* Task goal *
Output only the line that contains "this 1365×1536 image." and the lines after it, all verbatim, through the last one below.

━━━ Record excerpts

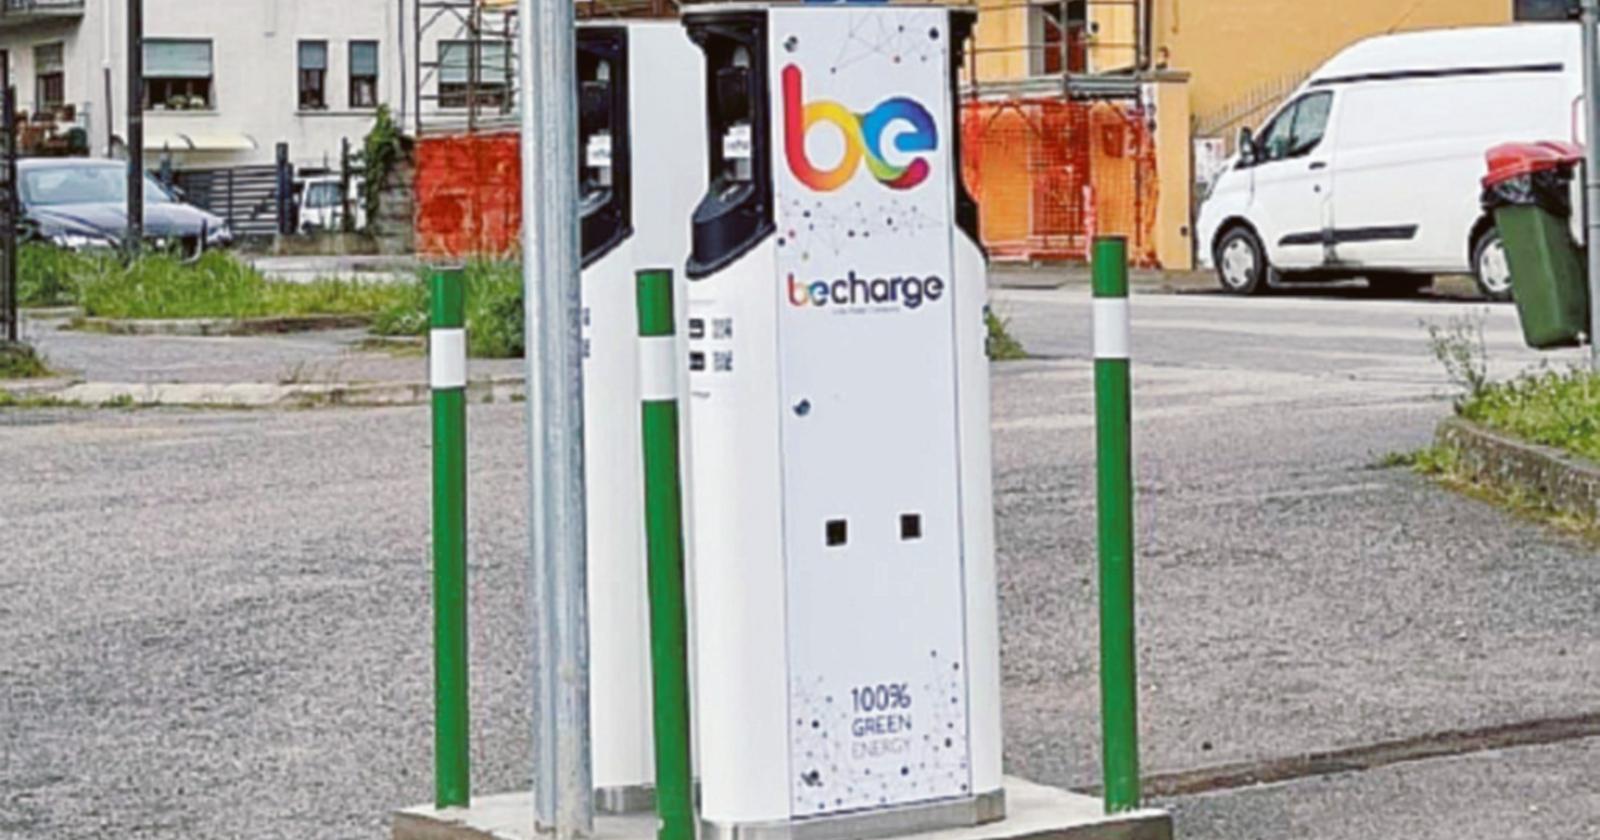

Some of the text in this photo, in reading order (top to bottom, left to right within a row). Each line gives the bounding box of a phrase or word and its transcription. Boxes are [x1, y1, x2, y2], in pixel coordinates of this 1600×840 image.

[781, 63, 938, 192] be
[787, 270, 944, 309] becharge
[851, 684, 912, 713] 100%
[852, 715, 913, 737] GREEN
[852, 737, 912, 760] ENERGY
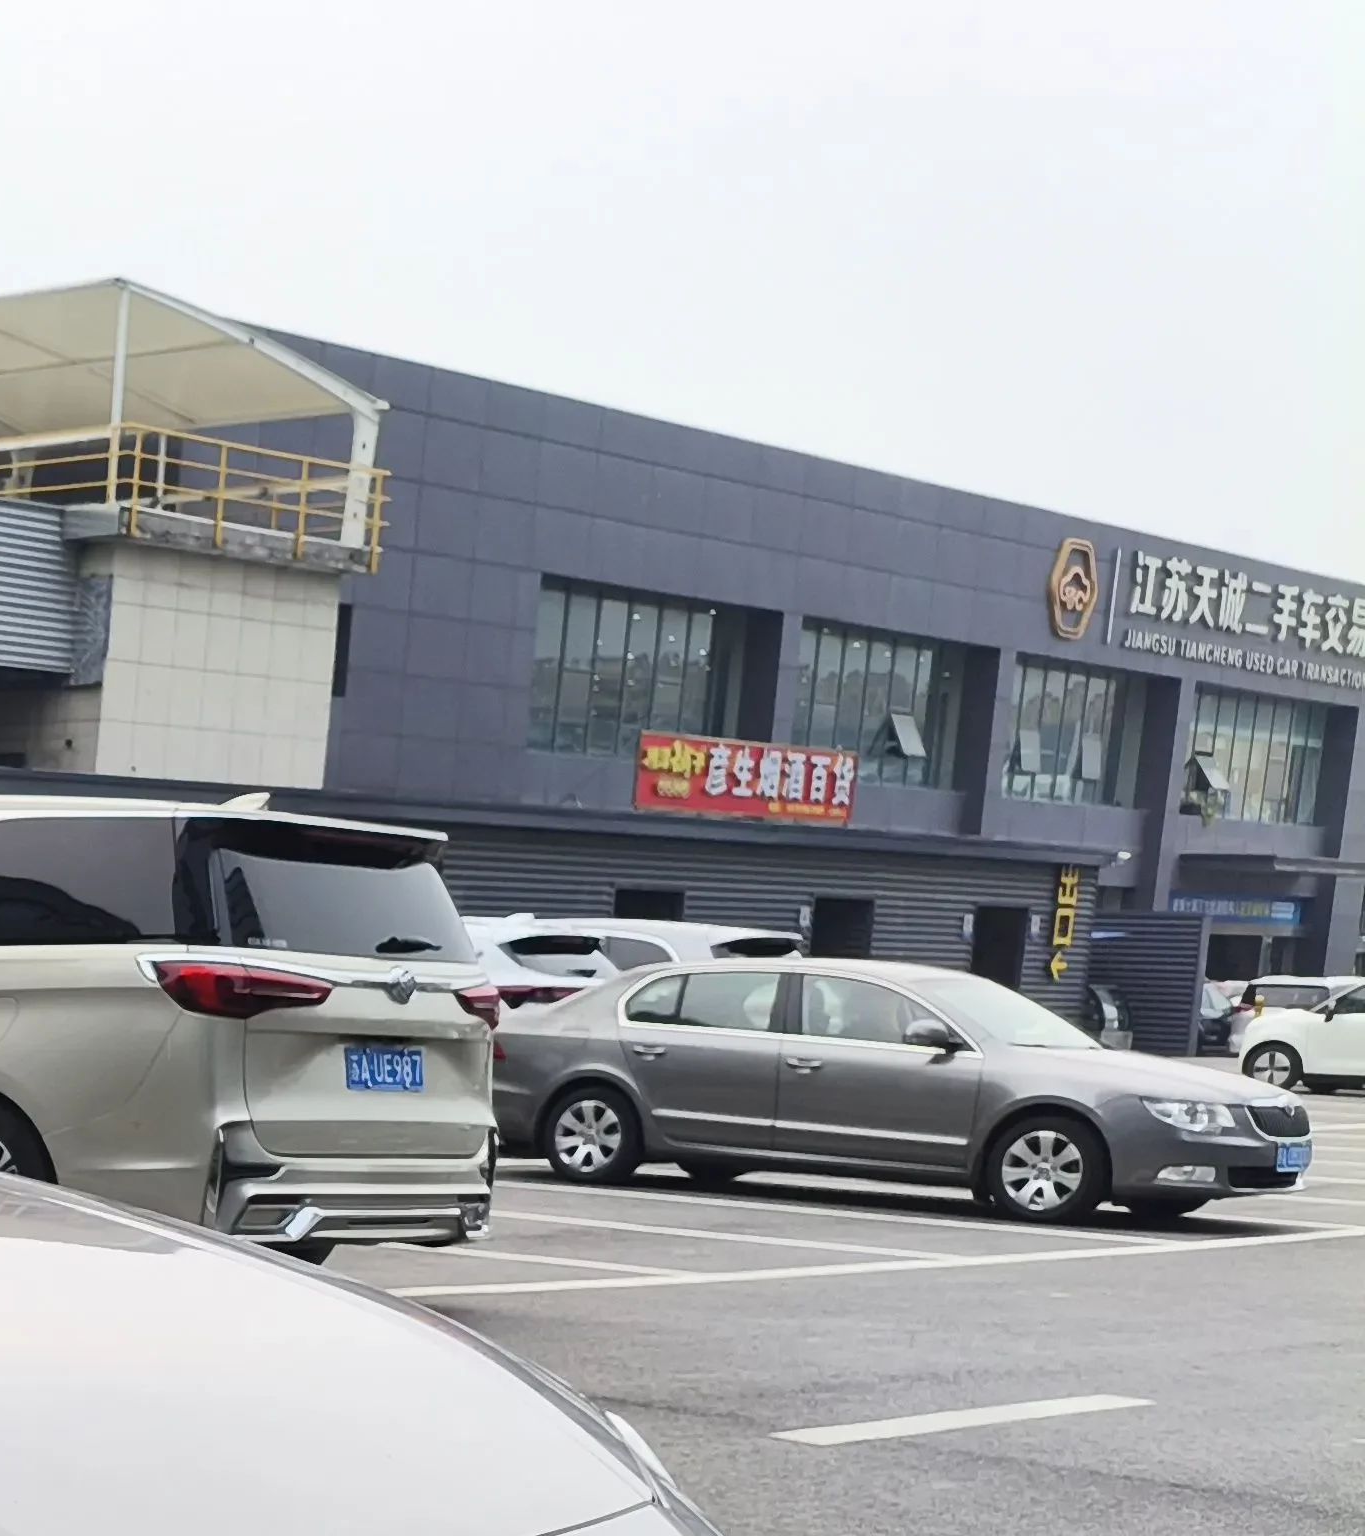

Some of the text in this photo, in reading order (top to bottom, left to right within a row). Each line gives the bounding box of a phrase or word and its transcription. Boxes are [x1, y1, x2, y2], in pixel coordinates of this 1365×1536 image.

[1125, 629, 1365, 690] JIANGSU TIANCHENG USED CAR TRANSACTIO
[1053, 864, 1078, 945] 出口

━━━━━━

* Your solution *
Some of the text in this photo, in reading order (top to bottom, left to right within a row). Each line gives the bounding box of a phrase or word and its transcription. Boxes are [x1, y1, x2, y2], in pixel coordinates of this 1365×1536 image.

[1125, 629, 1365, 690] JIANGSU TIANCHENG USED CAR TRANSACTIO
[1053, 864, 1078, 945] 出口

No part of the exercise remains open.